[[ Entries shown open ]]
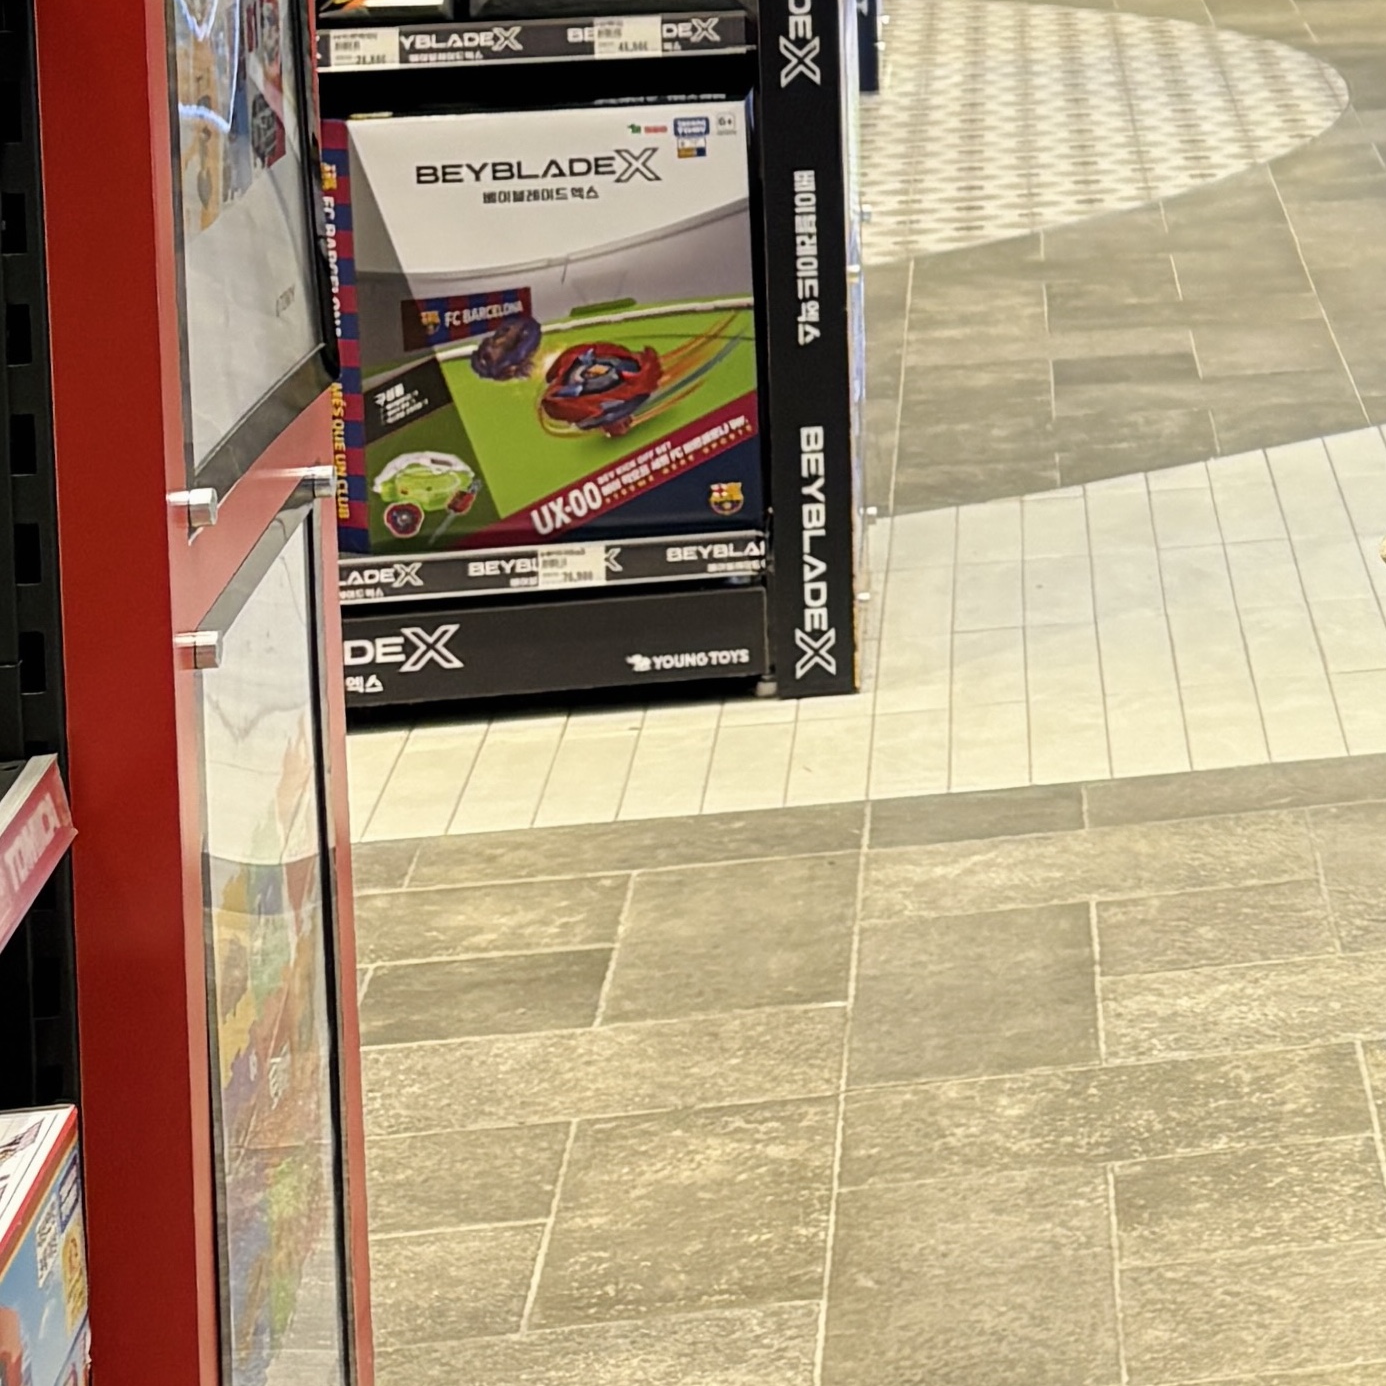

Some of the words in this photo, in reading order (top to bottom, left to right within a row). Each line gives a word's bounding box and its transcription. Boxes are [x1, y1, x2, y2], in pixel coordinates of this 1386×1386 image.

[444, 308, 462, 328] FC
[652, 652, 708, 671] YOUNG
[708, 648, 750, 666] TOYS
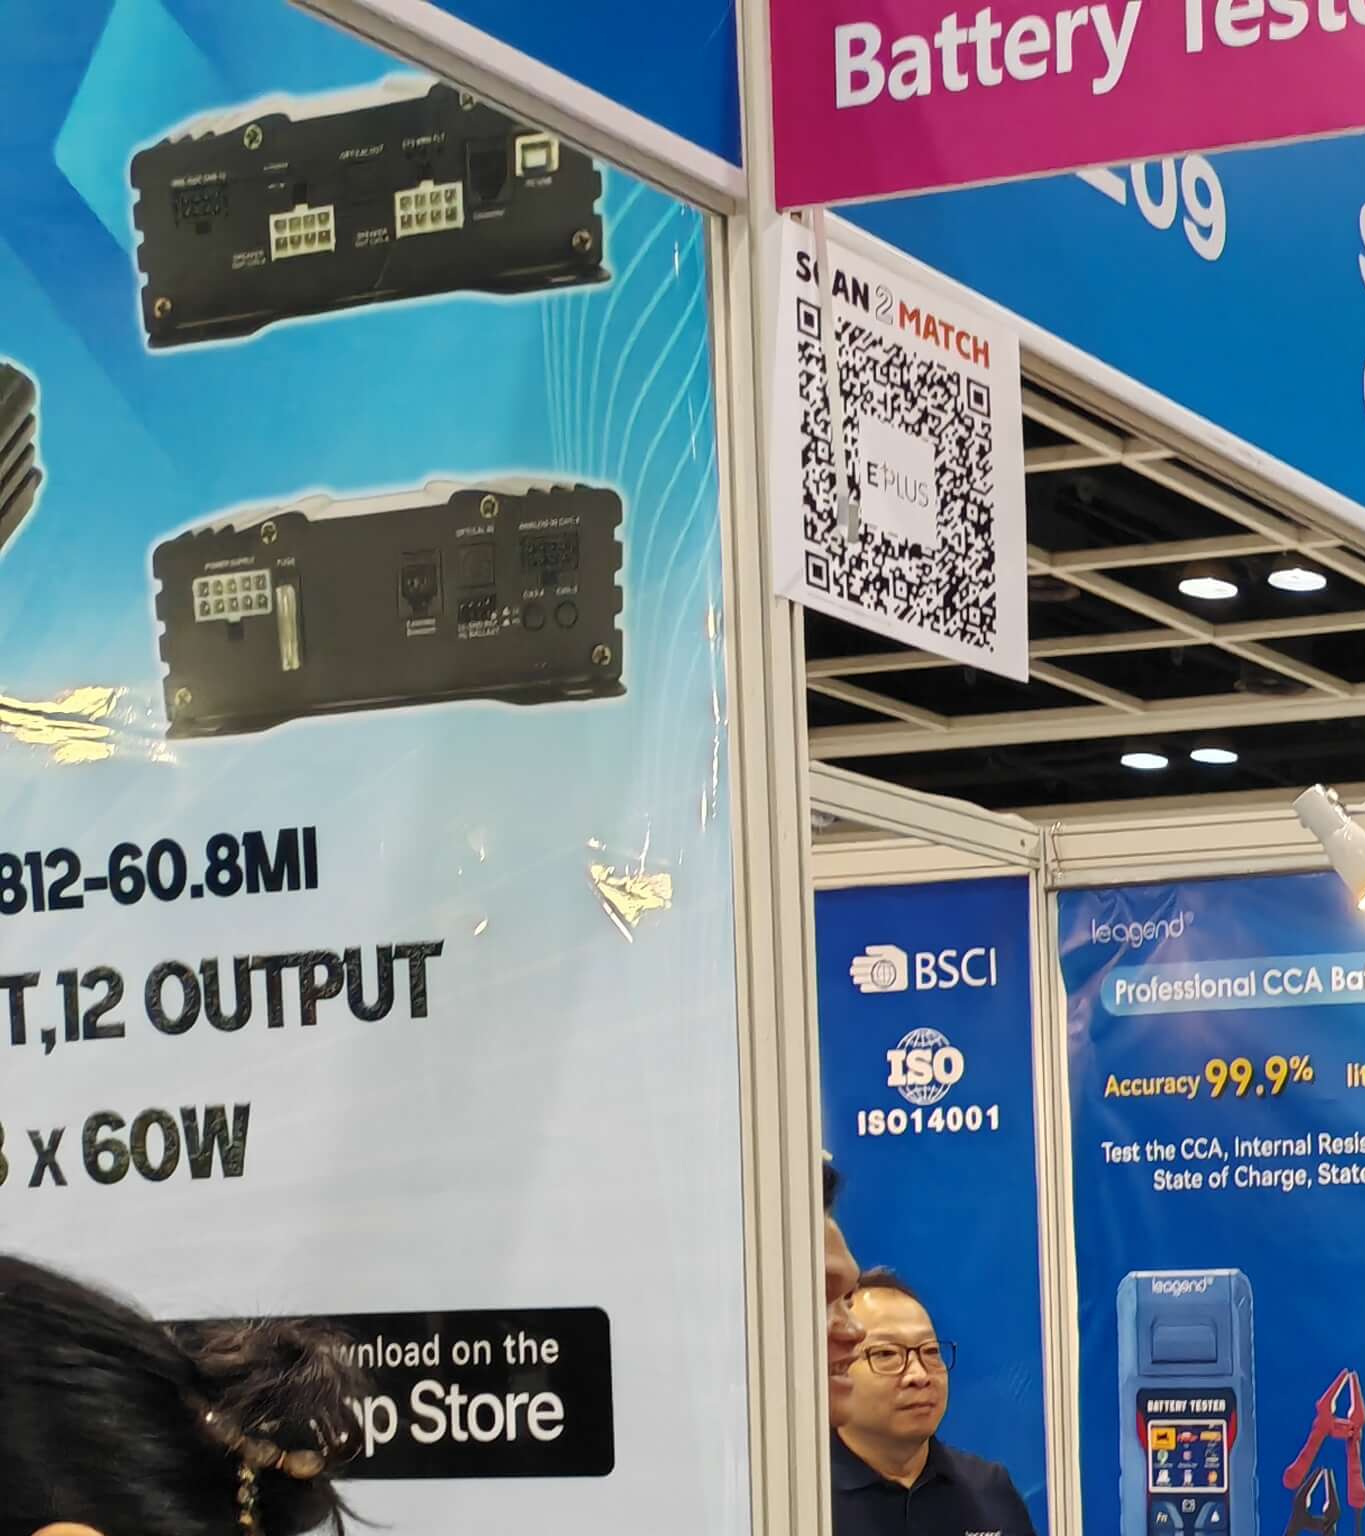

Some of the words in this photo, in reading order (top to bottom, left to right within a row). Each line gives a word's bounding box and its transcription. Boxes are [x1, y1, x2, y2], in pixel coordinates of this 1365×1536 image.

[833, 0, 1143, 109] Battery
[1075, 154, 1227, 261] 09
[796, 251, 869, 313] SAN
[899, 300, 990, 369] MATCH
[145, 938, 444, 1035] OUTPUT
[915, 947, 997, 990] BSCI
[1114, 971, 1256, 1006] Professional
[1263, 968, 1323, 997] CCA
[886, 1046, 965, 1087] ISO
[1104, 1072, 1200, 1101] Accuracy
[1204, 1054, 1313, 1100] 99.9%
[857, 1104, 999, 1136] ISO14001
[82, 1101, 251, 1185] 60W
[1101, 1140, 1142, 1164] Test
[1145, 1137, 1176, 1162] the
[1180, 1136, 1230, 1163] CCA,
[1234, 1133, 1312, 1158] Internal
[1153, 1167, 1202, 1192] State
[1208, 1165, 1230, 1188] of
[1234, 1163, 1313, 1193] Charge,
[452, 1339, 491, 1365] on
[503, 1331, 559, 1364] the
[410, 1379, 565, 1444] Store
[[ Entries shown closed ]]
Your task =
Above are the records; repeat them all exactly, without the pictures.

Task solution =
Some of the words in this photo, in reading order (top to bottom, left to right within a row). Each line gives a word's bounding box and its transcription. Boxes are [x1, y1, x2, y2], in pixel coordinates of this 1386×1386 image.

[444, 308, 462, 328] FC
[652, 652, 708, 671] YOUNG
[708, 648, 750, 666] TOYS

Some of the words in this photo, in reading order (top to bottom, left to right within a row). Each line gives a word's bounding box and its transcription. Boxes are [x1, y1, x2, y2], in pixel coordinates of this 1365×1536 image.

[833, 0, 1143, 109] Battery
[1075, 154, 1227, 261] 09
[796, 251, 869, 313] SAN
[899, 300, 990, 369] MATCH
[145, 938, 444, 1035] OUTPUT
[915, 947, 997, 990] BSCI
[1114, 971, 1256, 1006] Professional
[1263, 968, 1323, 997] CCA
[886, 1046, 965, 1087] ISO
[1104, 1072, 1200, 1101] Accuracy
[1204, 1054, 1313, 1100] 99.9%
[857, 1104, 999, 1136] ISO14001
[82, 1101, 251, 1185] 60W
[1101, 1140, 1142, 1164] Test
[1145, 1137, 1176, 1162] the
[1180, 1136, 1230, 1163] CCA,
[1234, 1133, 1312, 1158] Internal
[1153, 1167, 1202, 1192] State
[1208, 1165, 1230, 1188] of
[1234, 1163, 1313, 1193] Charge,
[452, 1339, 491, 1365] on
[503, 1331, 559, 1364] the
[410, 1379, 565, 1444] Store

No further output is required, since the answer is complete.